*** Opening EXTRACTED RECORDS ***

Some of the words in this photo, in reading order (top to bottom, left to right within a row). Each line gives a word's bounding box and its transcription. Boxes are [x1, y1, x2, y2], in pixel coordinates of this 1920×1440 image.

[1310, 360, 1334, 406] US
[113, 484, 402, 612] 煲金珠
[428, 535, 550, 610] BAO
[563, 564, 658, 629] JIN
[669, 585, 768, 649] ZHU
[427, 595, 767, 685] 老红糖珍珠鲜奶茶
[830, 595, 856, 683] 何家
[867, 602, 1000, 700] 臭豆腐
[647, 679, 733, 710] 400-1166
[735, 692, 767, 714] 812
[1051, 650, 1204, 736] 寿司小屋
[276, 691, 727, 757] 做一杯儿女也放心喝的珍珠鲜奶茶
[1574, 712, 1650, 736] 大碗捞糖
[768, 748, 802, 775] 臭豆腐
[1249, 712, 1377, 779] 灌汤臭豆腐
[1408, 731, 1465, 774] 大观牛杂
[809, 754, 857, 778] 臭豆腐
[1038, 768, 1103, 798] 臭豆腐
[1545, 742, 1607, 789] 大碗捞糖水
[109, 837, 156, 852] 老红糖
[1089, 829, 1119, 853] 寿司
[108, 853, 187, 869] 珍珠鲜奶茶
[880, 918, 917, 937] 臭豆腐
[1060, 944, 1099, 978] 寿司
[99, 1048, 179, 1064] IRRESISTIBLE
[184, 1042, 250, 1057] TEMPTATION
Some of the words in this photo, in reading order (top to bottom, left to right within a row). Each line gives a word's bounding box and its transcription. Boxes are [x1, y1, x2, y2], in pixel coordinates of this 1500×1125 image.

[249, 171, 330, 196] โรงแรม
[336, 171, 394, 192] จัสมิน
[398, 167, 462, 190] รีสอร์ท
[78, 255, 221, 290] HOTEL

*** Closing EXTRACTED RECORDS ***

▶ [YOUR INSTRUCTIONS]:
Every line above should be duplicated exactly as it stands.

▶ [OUTPUT OF THE TASK]:
Some of the words in this photo, in reading order (top to bottom, left to right within a row). Each line gives a word's bounding box and its transcription. Boxes are [x1, y1, x2, y2], in pixel coordinates of this 1920×1440 image.

[1310, 360, 1334, 406] US
[113, 484, 402, 612] 煲金珠
[428, 535, 550, 610] BAO
[563, 564, 658, 629] JIN
[669, 585, 768, 649] ZHU
[427, 595, 767, 685] 老红糖珍珠鲜奶茶
[830, 595, 856, 683] 何家
[867, 602, 1000, 700] 臭豆腐
[647, 679, 733, 710] 400-1166
[735, 692, 767, 714] 812
[1051, 650, 1204, 736] 寿司小屋
[276, 691, 727, 757] 做一杯儿女也放心喝的珍珠鲜奶茶
[1574, 712, 1650, 736] 大碗捞糖
[768, 748, 802, 775] 臭豆腐
[1249, 712, 1377, 779] 灌汤臭豆腐
[1408, 731, 1465, 774] 大观牛杂
[809, 754, 857, 778] 臭豆腐
[1038, 768, 1103, 798] 臭豆腐
[1545, 742, 1607, 789] 大碗捞糖水
[109, 837, 156, 852] 老红糖
[1089, 829, 1119, 853] 寿司
[108, 853, 187, 869] 珍珠鲜奶茶
[880, 918, 917, 937] 臭豆腐
[1060, 944, 1099, 978] 寿司
[99, 1048, 179, 1064] IRRESISTIBLE
[184, 1042, 250, 1057] TEMPTATION
Some of the words in this photo, in reading order (top to bottom, left to right within a row). Each line gives a word's bounding box and its transcription. Boxes are [x1, y1, x2, y2], in pixel coordinates of this 1500×1125 image.

[249, 171, 330, 196] โรงแรม
[336, 171, 394, 192] จัสมิน
[398, 167, 462, 190] รีสอร์ท
[78, 255, 221, 290] HOTEL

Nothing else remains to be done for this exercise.